I think this envvar needs to be changed from: GINKGO_PARALLEL_NODES to GINKGO_PARALLEL_PROCESS

I don't think so, pls see:

kubernetes/hack/ginkgo-e2e.sh

Lines 135 to 139 in 3c12379

    
           if [[ -n "${GINKGO_PARALLEL_NODES:-}" ]]; then 
        
             ginkgo_args+=("--nodes=${GINKGO_PARALLEL_NODES}") 
        
           elif [[ ${GINKGO_PARALLEL} =~ ^[yY]$ ]]; then 
        
             ginkgo_args+=("--nodes=25") 
        
           fi

chendave · 2022-07-29T11:02:40Z

someone is up to adapt kubetest to either split the xml generated or prune the large messages in k/k?

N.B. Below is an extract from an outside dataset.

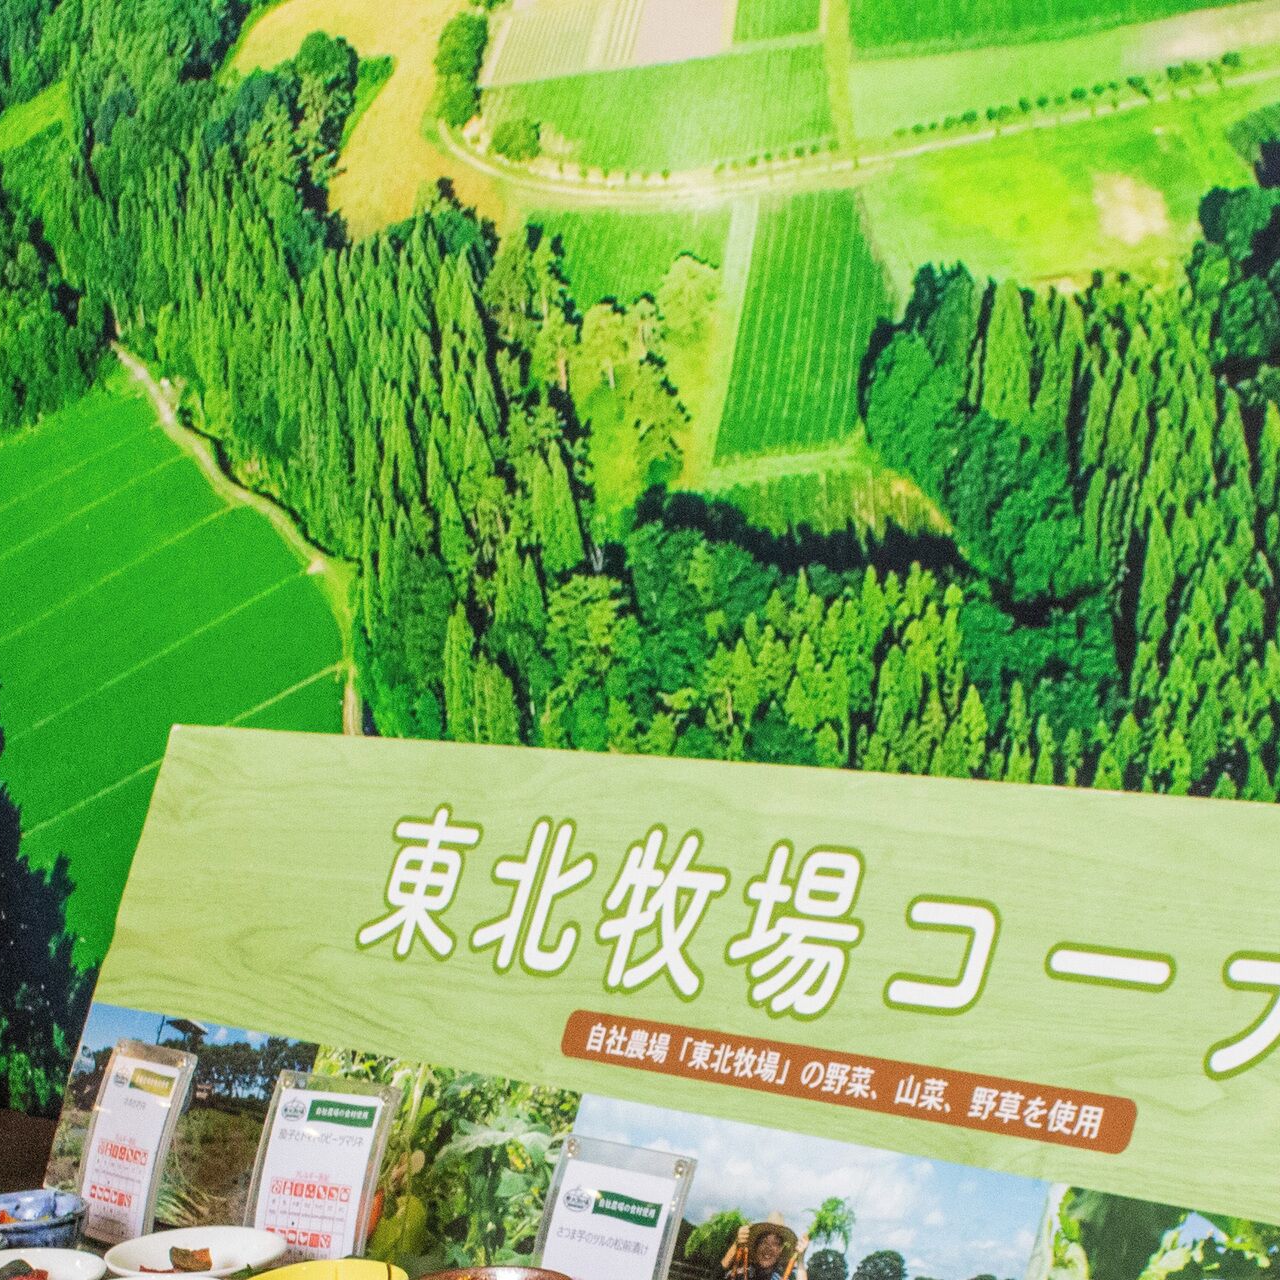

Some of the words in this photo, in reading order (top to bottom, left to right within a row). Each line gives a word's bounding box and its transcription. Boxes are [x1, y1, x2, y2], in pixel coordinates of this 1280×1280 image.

[585, 1022, 1104, 1140] 自社農場「東北牧場」の野菜、山菜、野草を使用

+1 on the pruning and adapt with new junit file.

mborsz · 2022-07-29T11:11:51Z

In deck's logs I see:

{"artifact":"https://storage.googleapis.com/kubernetes-jenkins/logs/ci-kubernetes-e2e-gce-scale-correctness/1552625181665529856/artifacts/junit_01.xml", "component":"deck", "error":"file size over specified limit", "file":"k8s.io/test-infra/prow/spyglass/lenses/junit/lens.go:165", "func":"k8s.io/test-infra/prow/spyglass/lenses/junit.Lens.getJvd.func1", "level":"warning", "msg":"Error reading artifact"}

So at least for deck the reason for not showing junit is too large file.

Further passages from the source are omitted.